本说明书中使用用语“一个”、“一”、“该”和“所述”用以表示存在一个或多个要素/组成部分/等;用语“包括”和“具有”用以表示开放式的包括在内的意思并且是指除了列出的要素/组成部分/等之外还可存在另外的要素/组成部分/等;用语“第一”和“第二”等仅作为标记使用,不是对其对象的数量限制。
此外,附图仅为本公开的示意性图解,并非一定是按比例绘制。图中相同的附图标记表示相同或类似的部分,因而将省略对它们的重复描述。附图中所示的一些方框图是功能实体,不一定必须与物理或逻辑上独立的实体相对应。
目前,主播相册是所有直播平台基本的功能,相册里边的照片有些是主播自拍后上传的;有些是主播触发拍照条件后,系统拍下后自动上传的。而大部分是通过拍照系统生成的,通过浏览主播的相册,会发现存在以下几点缺陷:
第一、照片高度重复。直播过程中由拍照系统拍下的照片,会存在大量背景统一、动作相似的照片,新鲜感不强,拍完照后直播观看用户大多不愿意打开相册进行二次翻看。

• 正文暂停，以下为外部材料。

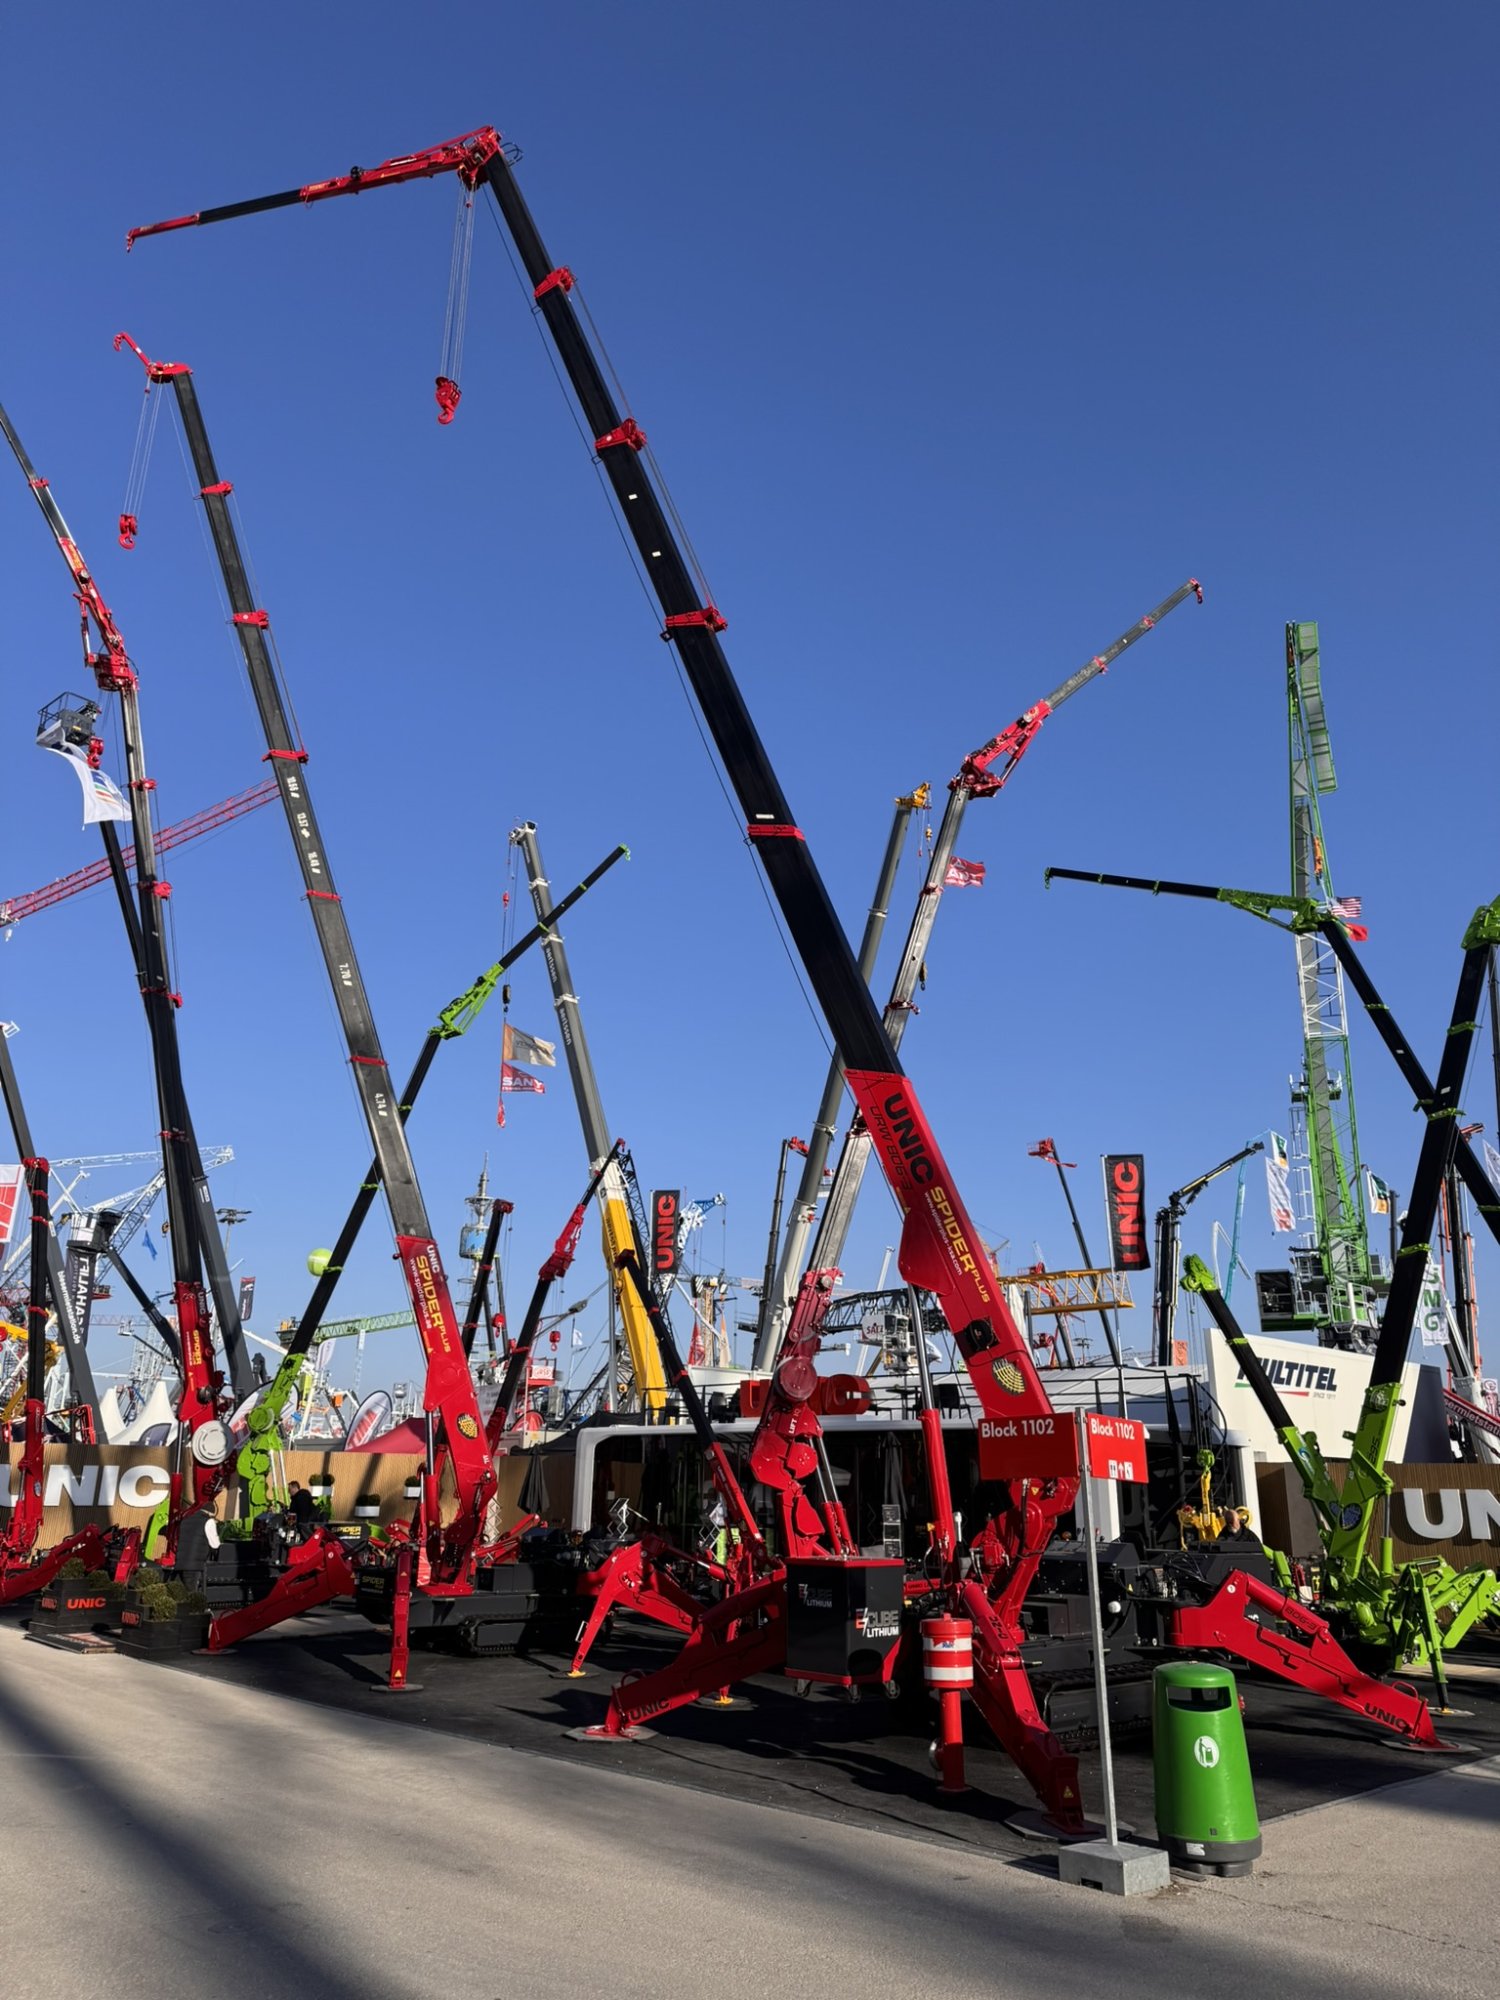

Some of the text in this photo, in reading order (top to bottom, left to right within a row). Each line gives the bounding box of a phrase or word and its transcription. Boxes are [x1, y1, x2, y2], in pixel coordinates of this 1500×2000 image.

第二、主播和直播观看用户不能主动修改已存在的照片。照片拍下后只能浏览查看,不能修改,平台既没有提供照片修改的功能,用户和直播观看用户也都没有把自行修改后的照片替换上去的权限,因此在主播相册上直播观看用户与主播之间的互动极为稀少。
第三、已存在的照片性价比不高。当主播的相册存在大量照片时会占用大量的系统内存,一些老的照片因为新鲜感不强,直播观看用户又不能修改的规则,导致这部分照片只能白白浪费系统内存,又创造不了二次收入的价值,因此性价比非常低。

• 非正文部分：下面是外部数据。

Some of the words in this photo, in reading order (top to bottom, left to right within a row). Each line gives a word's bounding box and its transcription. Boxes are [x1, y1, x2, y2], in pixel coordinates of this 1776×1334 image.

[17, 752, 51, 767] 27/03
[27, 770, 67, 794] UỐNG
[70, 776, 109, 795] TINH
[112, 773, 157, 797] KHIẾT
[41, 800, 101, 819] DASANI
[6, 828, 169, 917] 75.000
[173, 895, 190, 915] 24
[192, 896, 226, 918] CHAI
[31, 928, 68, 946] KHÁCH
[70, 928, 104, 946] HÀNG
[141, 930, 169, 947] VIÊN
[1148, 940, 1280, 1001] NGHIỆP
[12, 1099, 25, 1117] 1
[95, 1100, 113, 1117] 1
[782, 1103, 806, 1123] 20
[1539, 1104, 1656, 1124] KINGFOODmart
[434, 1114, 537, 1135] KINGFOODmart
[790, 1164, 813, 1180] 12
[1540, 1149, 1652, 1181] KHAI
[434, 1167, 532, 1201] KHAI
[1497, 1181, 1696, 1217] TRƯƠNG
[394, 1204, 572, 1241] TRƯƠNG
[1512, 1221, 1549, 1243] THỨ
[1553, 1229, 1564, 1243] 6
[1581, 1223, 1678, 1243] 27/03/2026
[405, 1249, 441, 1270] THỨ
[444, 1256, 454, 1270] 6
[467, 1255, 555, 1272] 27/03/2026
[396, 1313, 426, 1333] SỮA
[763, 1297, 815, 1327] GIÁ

在本公开的实施例中,首先提供了一种主播相册处理方法,至少在一定程度上克服相关技术中主播相册中的照片无法进行编辑修改的缺陷。
图1示出本公开一示例性实施例中主播相册处理方法的流程示意图,该主播相册处理方法的执行主体可以是进行视频直播处理的服务器。
参考图1,根据本公开的一个实施例的主播相册处理方法包括以下步骤:
步骤S110,响应照片选取操作,从主播相册中选取一直播照片;主播相册包含主播相册对应的主播在直播过程中自动拍摄的照片;
步骤S120,响应针对直播照片的图像编辑操作,对直播照片进行编辑处理,得到目标照片;
步骤S130,将目标照片发送至主播相册。
在图1所示实施例所提供的技术方案中,一方面,响应照片选取操作,从主播相册(主播相册包含主播相册对应的主播在直播过程中自动拍摄的照片)中选取一直播照片,使得主播或直播观看用户可以根据自身喜好选取主播相册中的任意照片,并在后续对选取的照片进行美化。进一步的,响应针对直播照片的图像编辑操作,对直播照片进行编辑处理,得到目标照片,能够提高直播照片的趣味性以及用户吸引力。另一方面,将目标照片发送至主播相册,能够解决一些时间久远、新鲜感不强的老照片浪费系统内存的技术问题,可以轻松实现对主播照片的修改,不仅能够使相册内容变得更加丰富多彩,同时还能激发用户DIY(Do It Yourself,自己动手做,简称:DIY)的能力,提升相册活跃度,提高照片的性价比。
以下对图1中的各个步骤的具体实现过程进行详细阐述:
示例性的,可以在直播客户端(包括主播的客户端和直播观看用户的客户端)的直播界面提供一编辑视窗,该编辑视窗可以是用于对视频或图像进行美化编辑的交互式电子白板(交互式电子白板,可以与电脑进行信息通讯,将电子白板连接到计算机,并利用投影机将计算机上的内容投影到电子白板屏幕上,在专门的应用程序的支持下,可以构造一个大屏幕、交互式的协作会议或教学环境。利用特定的定位笔代替鼠标在白板上进行操作,可以运行任何应用程序,可以对文件进行编辑、注释、保存等在计算机上利用键盘及鼠标可以实现的任何操作。通过特定的应用程序,交互式电子白板就可以通过网络与其他办公室、会议室进行交流,实现网络会议及远程教学)。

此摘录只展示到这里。